EXERCISE DATA Start Marker

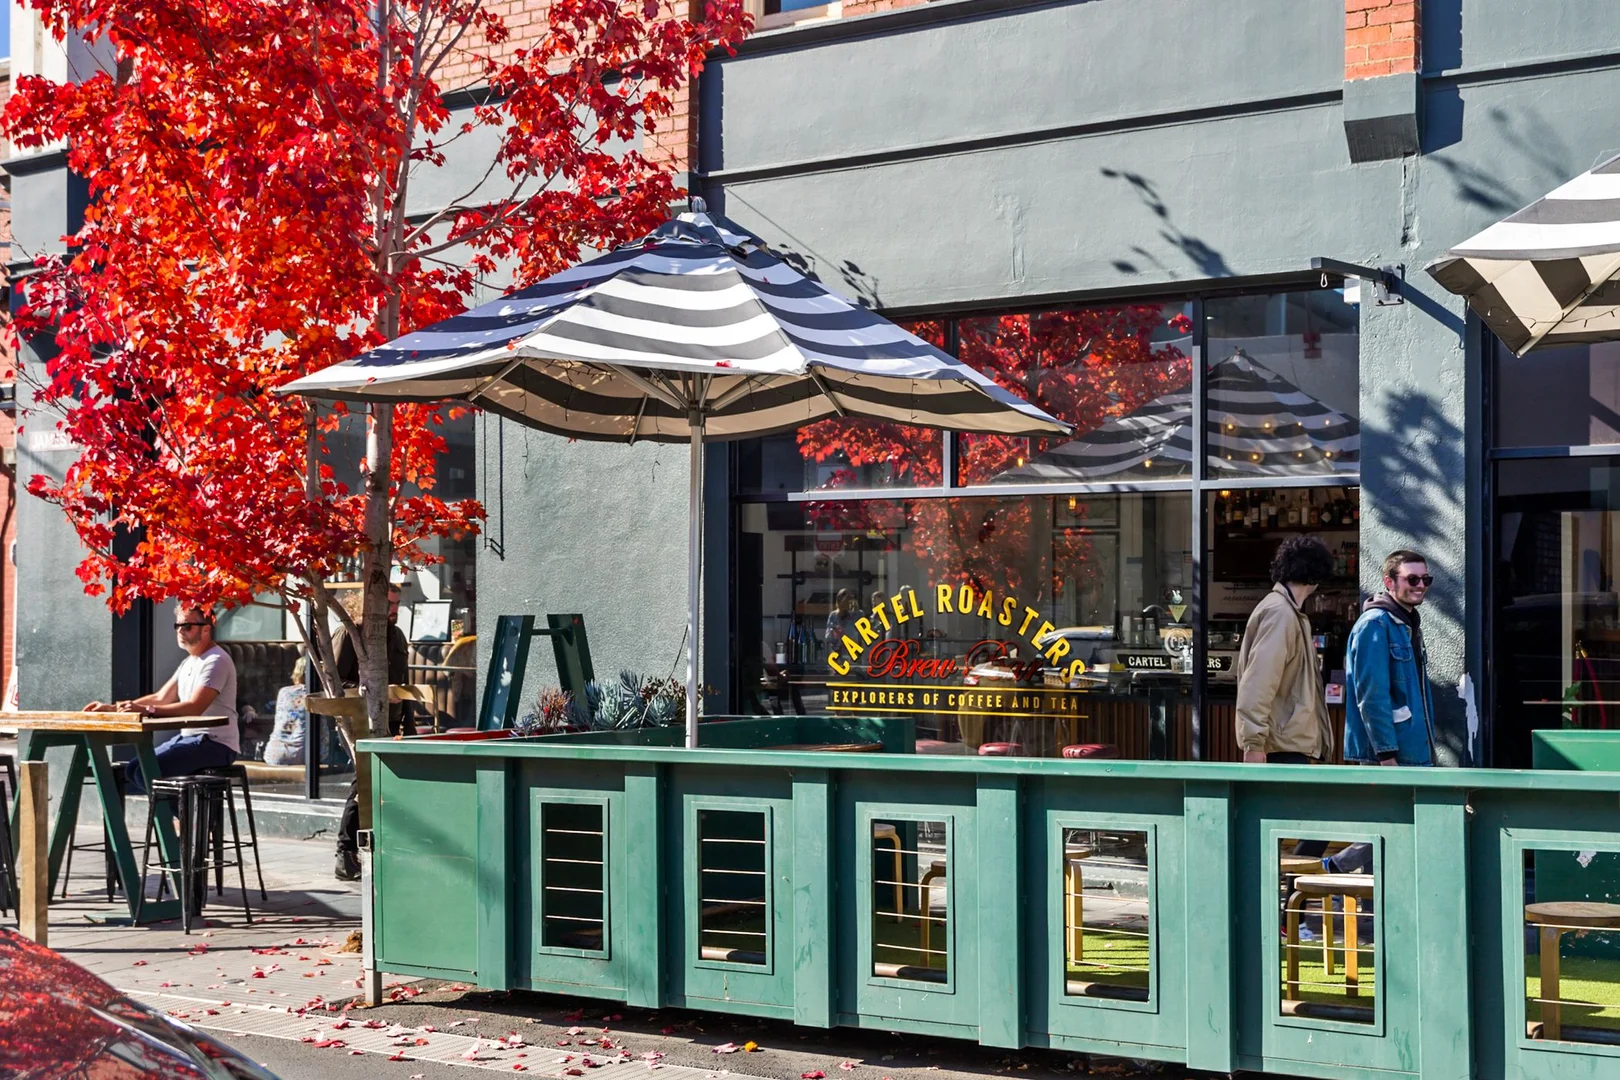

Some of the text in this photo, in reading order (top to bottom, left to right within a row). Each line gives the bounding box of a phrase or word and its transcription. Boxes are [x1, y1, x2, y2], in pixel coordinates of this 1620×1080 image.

[827, 583, 1086, 684] CARTEL ROASTERS
[867, 638, 1046, 682] Brew Bar
[1128, 656, 1167, 667] CARTEL
[833, 691, 1078, 710] EXPLORERS OF COFFEE AND TEA
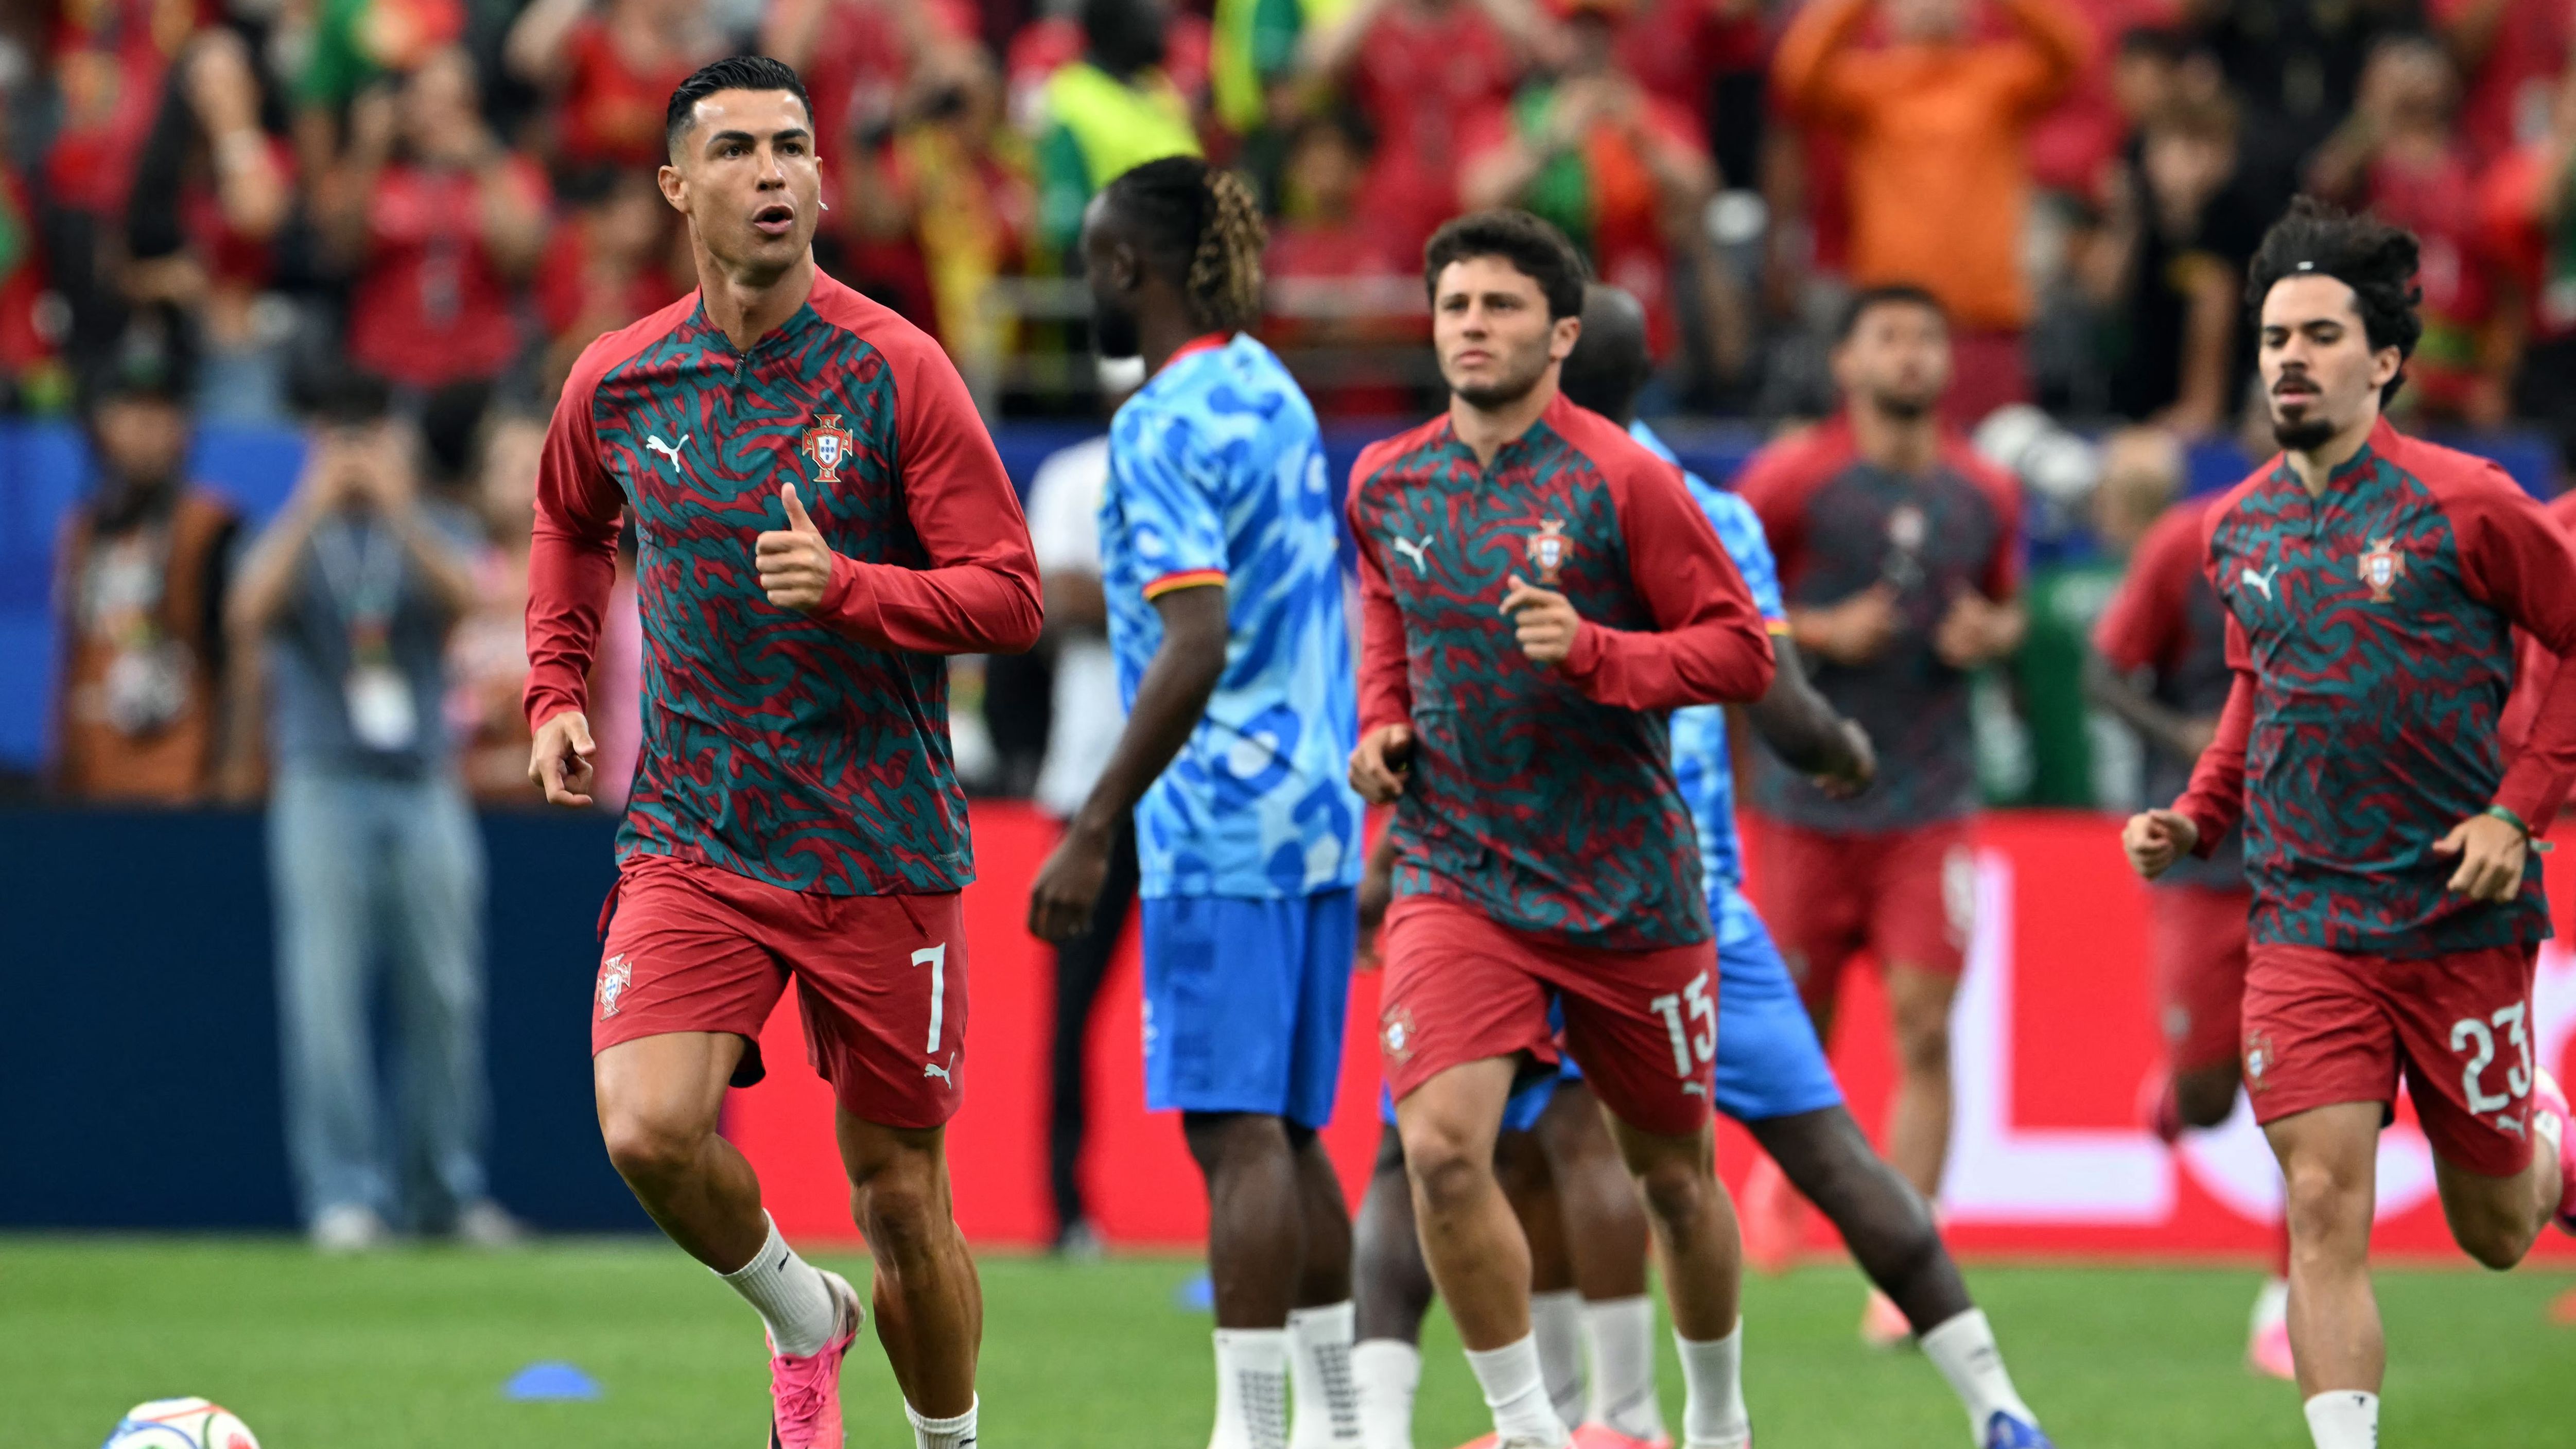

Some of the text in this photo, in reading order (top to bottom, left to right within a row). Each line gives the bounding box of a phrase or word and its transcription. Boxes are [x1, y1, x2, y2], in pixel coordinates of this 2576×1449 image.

EXERCISE DATA End Marker

## WHAT IS BEING ASKED
Each record above should be returned unchanged, except that the pictures are dropped.

## TASK RESULT
Some of the text in this photo, in reading order (top to bottom, left to right within a row). Each line gives the bounding box of a phrase or word and its transcription. Boxes are [x1, y1, x2, y2], in pixel coordinates of this 1620×1080 image.

[827, 583, 1086, 684] CARTEL ROASTERS
[867, 638, 1046, 682] Brew Bar
[1128, 656, 1167, 667] CARTEL
[833, 691, 1078, 710] EXPLORERS OF COFFEE AND TEA

Some of the text in this photo, in reading order (top to bottom, left to right within a row). Each line gives the bounding box of a phrase or word and its transcription. Boxes are [x1, y1, x2, y2], in pixel coordinates of this 2576×1449 image.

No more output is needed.